=== Listed records ===
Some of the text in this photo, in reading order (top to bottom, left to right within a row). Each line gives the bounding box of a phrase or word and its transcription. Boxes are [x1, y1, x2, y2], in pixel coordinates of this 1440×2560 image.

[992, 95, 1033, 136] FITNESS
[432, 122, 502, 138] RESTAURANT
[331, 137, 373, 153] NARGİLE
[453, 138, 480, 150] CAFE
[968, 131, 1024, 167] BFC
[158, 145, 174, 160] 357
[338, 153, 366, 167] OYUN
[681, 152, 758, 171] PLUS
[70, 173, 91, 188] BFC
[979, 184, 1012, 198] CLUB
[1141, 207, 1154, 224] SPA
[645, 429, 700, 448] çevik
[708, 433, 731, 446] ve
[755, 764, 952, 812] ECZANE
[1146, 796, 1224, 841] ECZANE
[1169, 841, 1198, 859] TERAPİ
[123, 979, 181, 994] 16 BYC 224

=== Task statement ===
Make an exact copy of the listing shown above.

=== Answer to this exercise ===
Some of the text in this photo, in reading order (top to bottom, left to right within a row). Each line gives the bounding box of a phrase or word and its transcription. Boxes are [x1, y1, x2, y2], in pixel coordinates of this 1440×2560 image.

[992, 95, 1033, 136] FITNESS
[432, 122, 502, 138] RESTAURANT
[331, 137, 373, 153] NARGİLE
[453, 138, 480, 150] CAFE
[968, 131, 1024, 167] BFC
[158, 145, 174, 160] 357
[338, 153, 366, 167] OYUN
[681, 152, 758, 171] PLUS
[70, 173, 91, 188] BFC
[979, 184, 1012, 198] CLUB
[1141, 207, 1154, 224] SPA
[645, 429, 700, 448] çevik
[708, 433, 731, 446] ve
[755, 764, 952, 812] ECZANE
[1146, 796, 1224, 841] ECZANE
[1169, 841, 1198, 859] TERAPİ
[123, 979, 181, 994] 16 BYC 224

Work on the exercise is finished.